> EXERCISE DESCRIPTION
Every record must be output verbatim in the reply.

> RECORDS PROVIDED
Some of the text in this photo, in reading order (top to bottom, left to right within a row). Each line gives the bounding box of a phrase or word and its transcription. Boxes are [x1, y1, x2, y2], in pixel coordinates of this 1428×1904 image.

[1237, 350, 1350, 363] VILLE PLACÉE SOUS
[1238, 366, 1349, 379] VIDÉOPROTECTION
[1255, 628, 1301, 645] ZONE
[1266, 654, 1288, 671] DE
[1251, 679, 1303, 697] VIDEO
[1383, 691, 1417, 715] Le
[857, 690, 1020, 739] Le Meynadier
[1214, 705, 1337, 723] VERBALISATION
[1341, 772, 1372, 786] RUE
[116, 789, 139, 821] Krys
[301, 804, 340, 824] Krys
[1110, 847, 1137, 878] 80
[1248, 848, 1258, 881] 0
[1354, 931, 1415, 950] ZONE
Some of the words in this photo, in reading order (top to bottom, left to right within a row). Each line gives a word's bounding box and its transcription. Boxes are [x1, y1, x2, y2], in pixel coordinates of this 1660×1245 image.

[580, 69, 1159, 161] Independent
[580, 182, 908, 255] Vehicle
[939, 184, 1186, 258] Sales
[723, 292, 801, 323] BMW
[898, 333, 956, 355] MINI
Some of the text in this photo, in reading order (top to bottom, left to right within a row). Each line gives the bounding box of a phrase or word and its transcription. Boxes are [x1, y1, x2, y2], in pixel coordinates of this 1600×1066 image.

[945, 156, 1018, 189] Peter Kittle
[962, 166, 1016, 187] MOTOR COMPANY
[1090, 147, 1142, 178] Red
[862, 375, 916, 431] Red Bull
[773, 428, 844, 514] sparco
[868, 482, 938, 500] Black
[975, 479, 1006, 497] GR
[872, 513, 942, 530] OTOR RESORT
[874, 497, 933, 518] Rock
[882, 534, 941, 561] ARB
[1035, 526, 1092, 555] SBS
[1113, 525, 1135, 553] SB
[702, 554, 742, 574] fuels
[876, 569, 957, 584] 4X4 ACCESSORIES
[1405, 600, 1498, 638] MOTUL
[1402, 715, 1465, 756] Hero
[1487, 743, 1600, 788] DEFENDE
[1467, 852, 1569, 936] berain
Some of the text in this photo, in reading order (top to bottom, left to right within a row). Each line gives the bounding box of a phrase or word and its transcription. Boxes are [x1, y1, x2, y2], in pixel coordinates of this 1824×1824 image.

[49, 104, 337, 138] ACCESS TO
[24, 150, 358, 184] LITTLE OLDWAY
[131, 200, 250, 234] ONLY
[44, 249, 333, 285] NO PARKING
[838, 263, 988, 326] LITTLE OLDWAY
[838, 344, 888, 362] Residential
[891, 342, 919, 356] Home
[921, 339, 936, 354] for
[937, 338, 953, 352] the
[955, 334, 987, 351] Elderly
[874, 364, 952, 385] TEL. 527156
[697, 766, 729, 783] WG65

> OUTPUT FOR THIS TASK
Some of the text in this photo, in reading order (top to bottom, left to right within a row). Each line gives the bounding box of a phrase or word and its transcription. Boxes are [x1, y1, x2, y2], in pixel coordinates of this 1428×1904 image.

[1237, 350, 1350, 363] VILLE PLACÉE SOUS
[1238, 366, 1349, 379] VIDÉOPROTECTION
[1255, 628, 1301, 645] ZONE
[1266, 654, 1288, 671] DE
[1251, 679, 1303, 697] VIDEO
[1383, 691, 1417, 715] Le
[857, 690, 1020, 739] Le Meynadier
[1214, 705, 1337, 723] VERBALISATION
[1341, 772, 1372, 786] RUE
[116, 789, 139, 821] Krys
[301, 804, 340, 824] Krys
[1110, 847, 1137, 878] 80
[1248, 848, 1258, 881] 0
[1354, 931, 1415, 950] ZONE
Some of the words in this photo, in reading order (top to bottom, left to right within a row). Each line gives a word's bounding box and its transcription. Boxes are [x1, y1, x2, y2], in pixel coordinates of this 1660×1245 image.

[580, 69, 1159, 161] Independent
[580, 182, 908, 255] Vehicle
[939, 184, 1186, 258] Sales
[723, 292, 801, 323] BMW
[898, 333, 956, 355] MINI
Some of the text in this photo, in reading order (top to bottom, left to right within a row). Each line gives the bounding box of a phrase or word and its transcription. Boxes are [x1, y1, x2, y2], in pixel coordinates of this 1600×1066 image.

[945, 156, 1018, 189] Peter Kittle
[962, 166, 1016, 187] MOTOR COMPANY
[1090, 147, 1142, 178] Red
[862, 375, 916, 431] Red Bull
[773, 428, 844, 514] sparco
[868, 482, 938, 500] Black
[975, 479, 1006, 497] GR
[872, 513, 942, 530] OTOR RESORT
[874, 497, 933, 518] Rock
[882, 534, 941, 561] ARB
[1035, 526, 1092, 555] SBS
[1113, 525, 1135, 553] SB
[702, 554, 742, 574] fuels
[876, 569, 957, 584] 4X4 ACCESSORIES
[1405, 600, 1498, 638] MOTUL
[1402, 715, 1465, 756] Hero
[1487, 743, 1600, 788] DEFENDE
[1467, 852, 1569, 936] berain
Some of the text in this photo, in reading order (top to bottom, left to right within a row). Each line gives the bounding box of a phrase or word and its transcription. Boxes are [x1, y1, x2, y2], in pixel coordinates of this 1824×1824 image.

[49, 104, 337, 138] ACCESS TO
[24, 150, 358, 184] LITTLE OLDWAY
[131, 200, 250, 234] ONLY
[44, 249, 333, 285] NO PARKING
[838, 263, 988, 326] LITTLE OLDWAY
[838, 344, 888, 362] Residential
[891, 342, 919, 356] Home
[921, 339, 936, 354] for
[937, 338, 953, 352] the
[955, 334, 987, 351] Elderly
[874, 364, 952, 385] TEL. 527156
[697, 766, 729, 783] WG65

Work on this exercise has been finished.